Some of the more significant changes are listed below:

The mechanism by which emphasised text inherits from the 
enclosing paragraph had a bug. This meant that paragraphs that 
had emphasis from their first character could either lose their 
emphasis, or have the emphasis applied to the whole paragraph, 
rather than to the appropriate region of text. The scheme has 
been simplified and corrected.

New destinations for text in W4W v6 showed up a bug in the 
handling of optionally ignorable destinations. This results in 
spurious text appearing in documents imported from W4W to the S3. 
Such destinations, and all nested destinations within them, are 
now correctly ignored if the optional destination is not 
recognised by the reader code.

Negative line spacings (meaning a fixed line spacing to Microsoft 
Word) are now converted to positive values by the reader. 
Previously they were interpreted as very large line spacings, 
resulting in S3 documents with one line per page.

Incoming negative left margin indents are now truncated to zero 
(they were previously interpreted as large positive indents, 
resulting in text being printed with one character per line).

Added simple interpretation of tables in the reader.

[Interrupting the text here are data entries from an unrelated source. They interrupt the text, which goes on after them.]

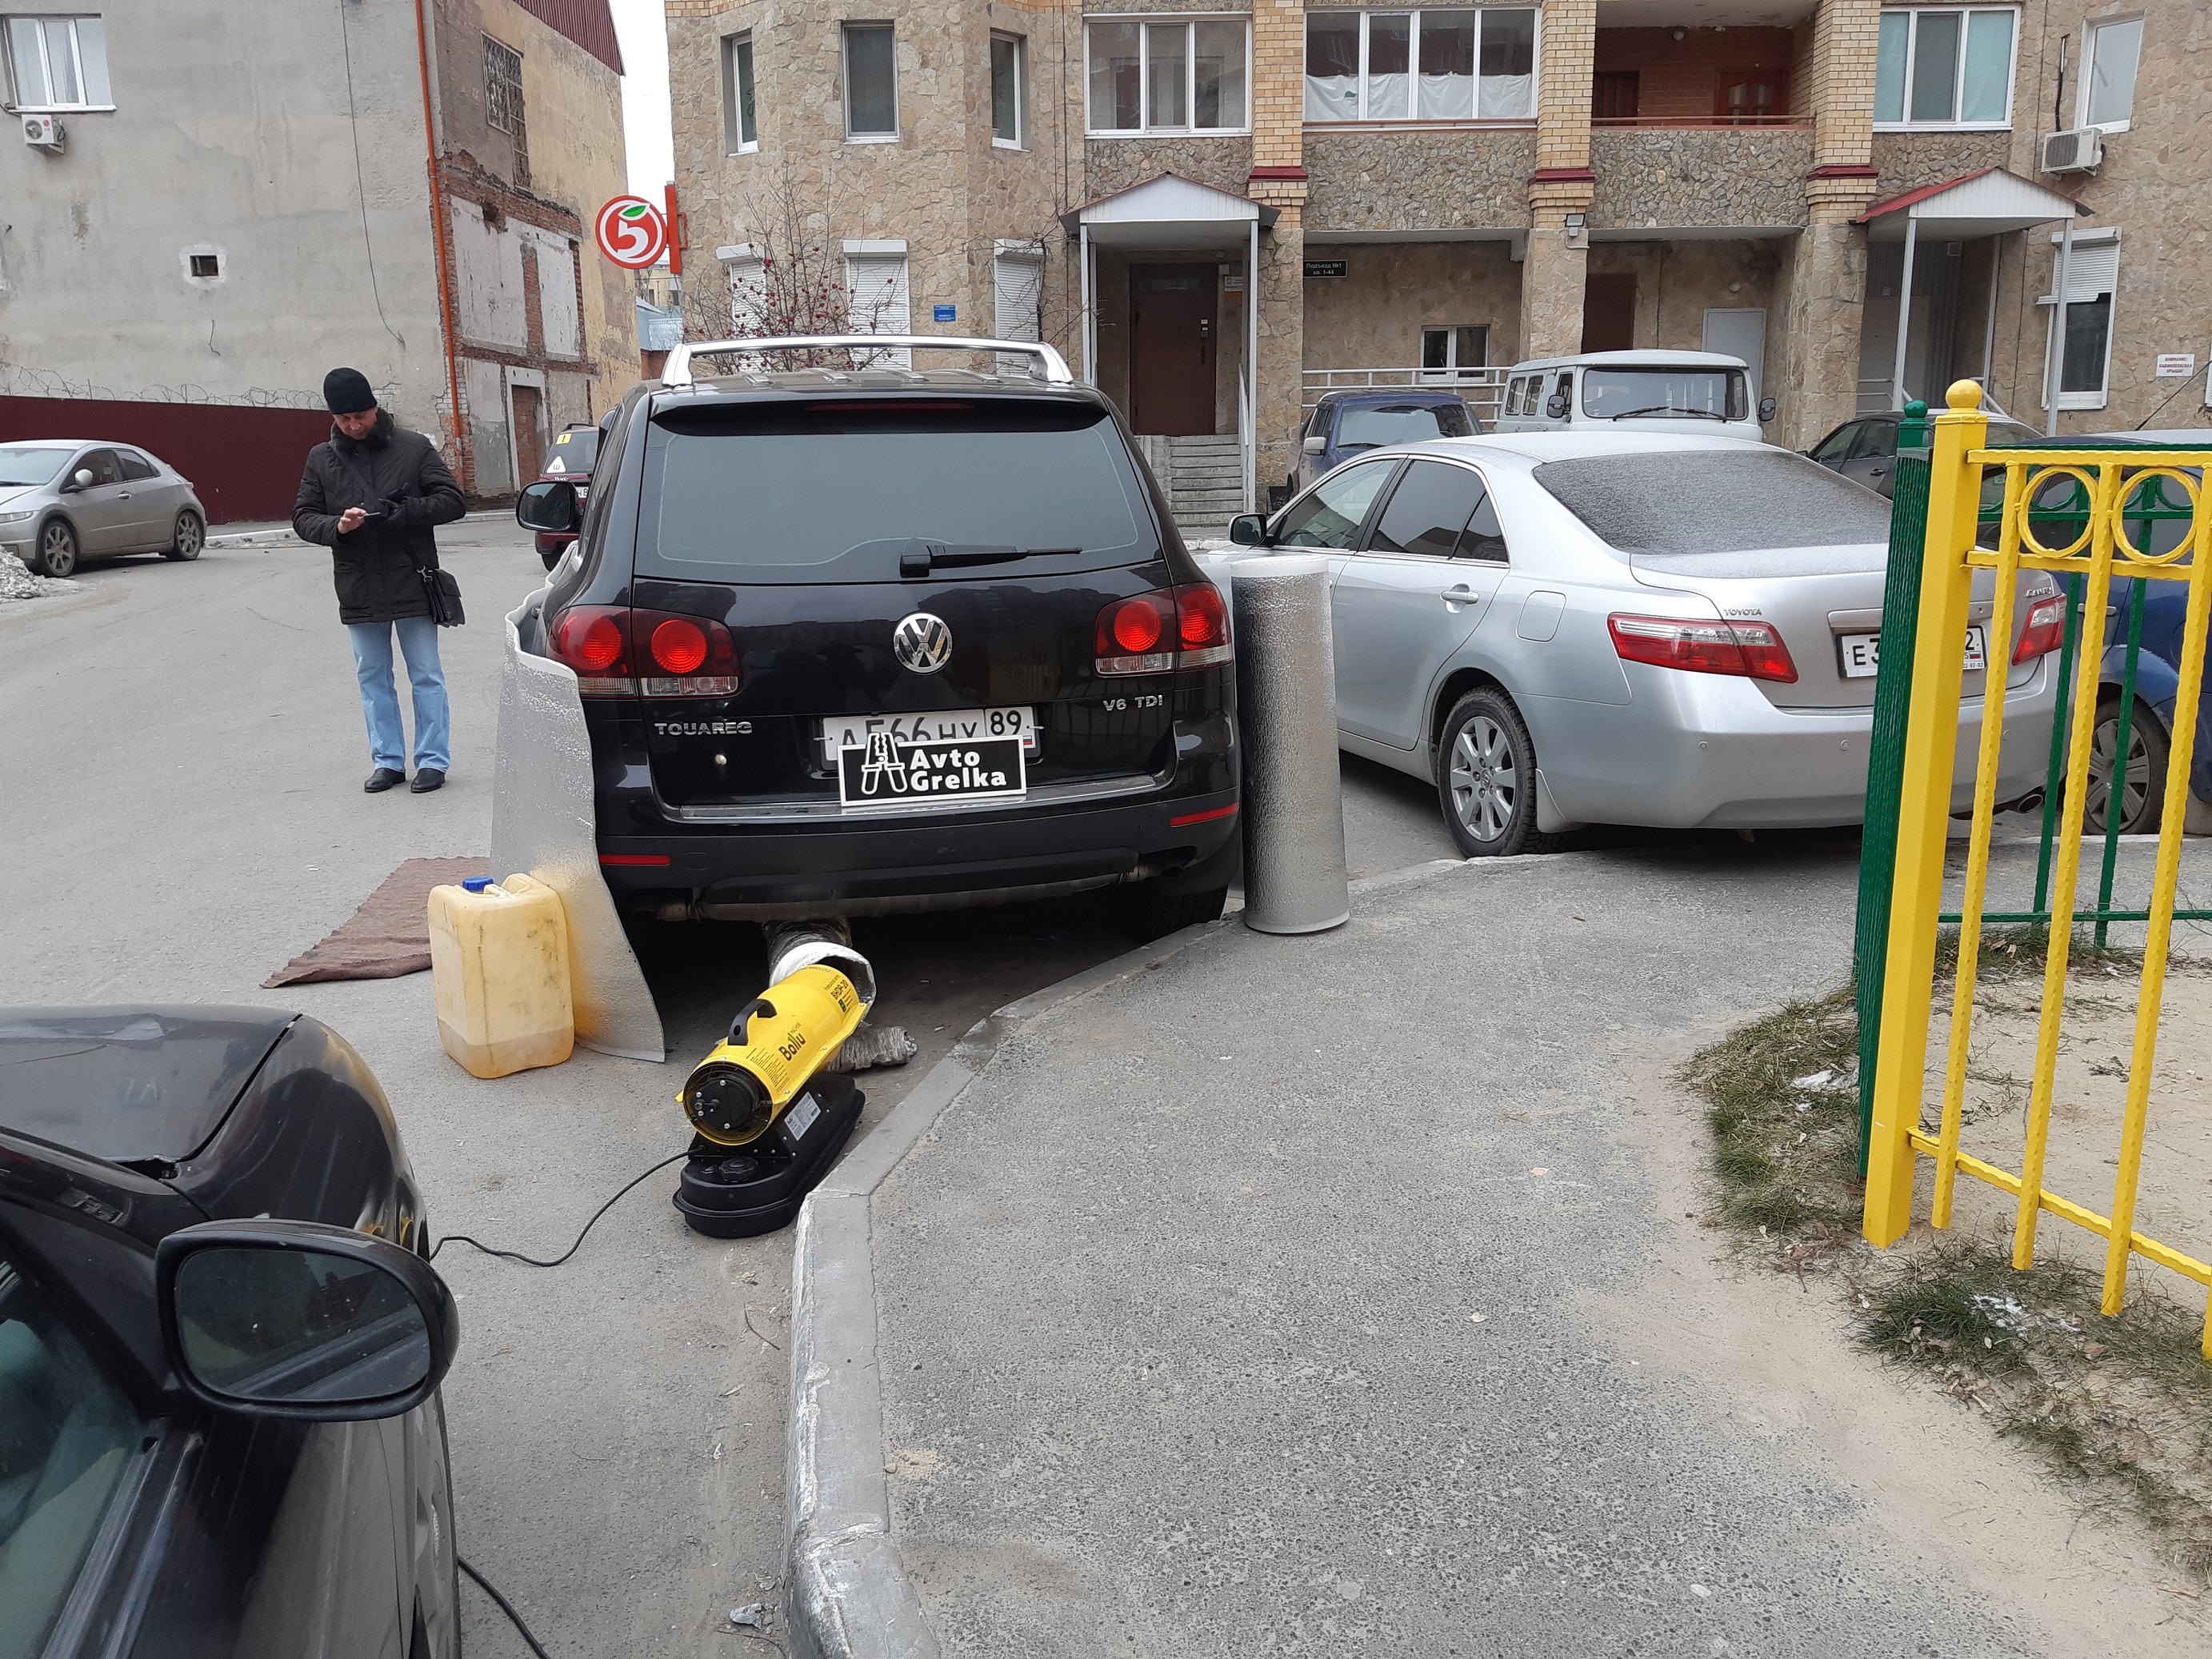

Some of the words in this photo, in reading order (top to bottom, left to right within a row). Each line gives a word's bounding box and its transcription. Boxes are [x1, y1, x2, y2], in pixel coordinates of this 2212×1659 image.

[617, 218, 649, 258] 5
[1102, 698, 1126, 711] V6
[1134, 694, 1162, 709] TDI
[654, 722, 753, 735] TOUAREG
[990, 710, 1022, 736] 89
[778, 1032, 806, 1061] Ballu
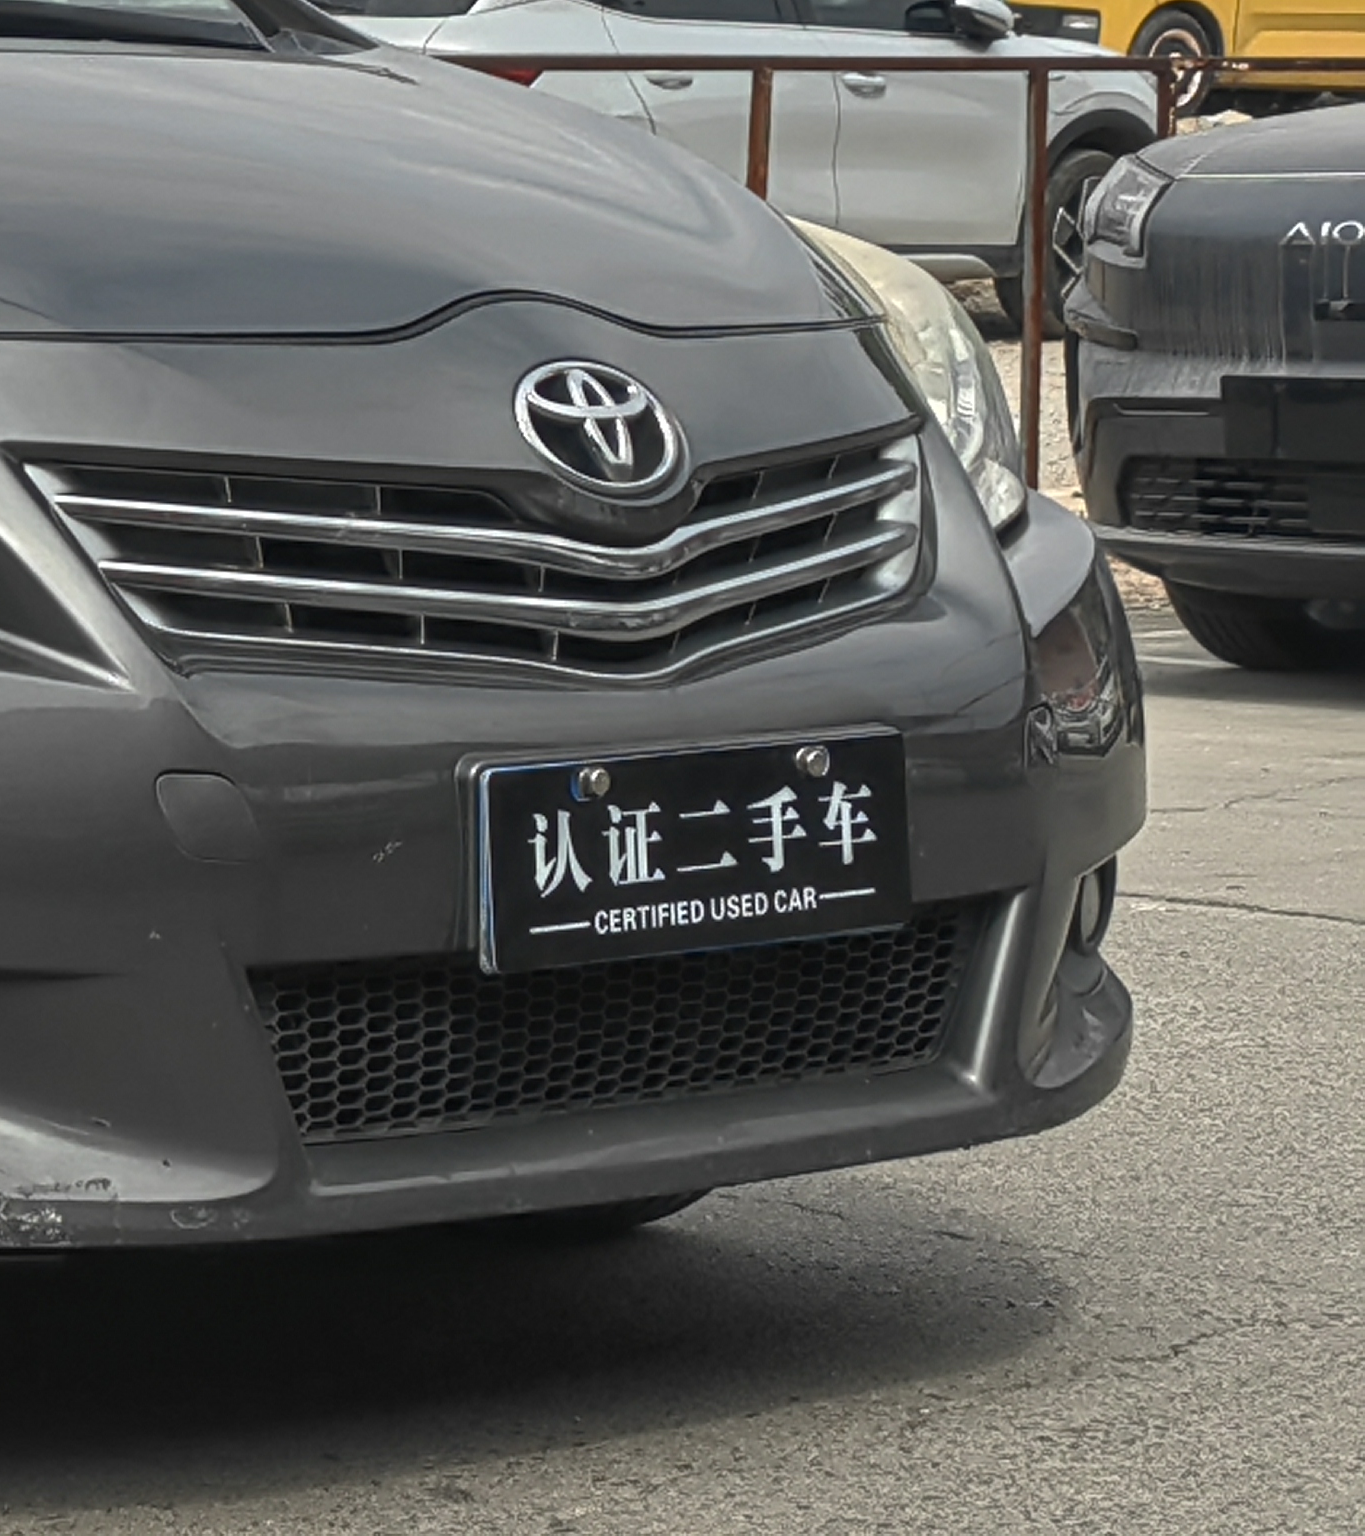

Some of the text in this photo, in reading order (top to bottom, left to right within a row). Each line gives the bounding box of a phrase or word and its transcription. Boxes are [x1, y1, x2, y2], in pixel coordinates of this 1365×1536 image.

Each 
incoming table row is converted to a separate paragraph, with the 
cells separated by Tab characters. Note that this scheme does not 
cope with cells containing multiple paragraphs.

The reader now takes note of the \deff<n> keyword and sets an 
appropriate default font.

The reader now handles the \gutter keyword (simply by increasing 
the left page margin).

The reader now responds to the \sect end of section keyword. The 
response is the same as for \par (end of paragraph).

The additional Macintosh Word keywords \bullet, \endash, \emdash, 
\ldblquote, \rdblquote, \lquote and \rquote are handled on input. 
They are not output since they are not understood by DOS Word; 
this scheme maximises compatibility with both flavours of 
Microsoft Word.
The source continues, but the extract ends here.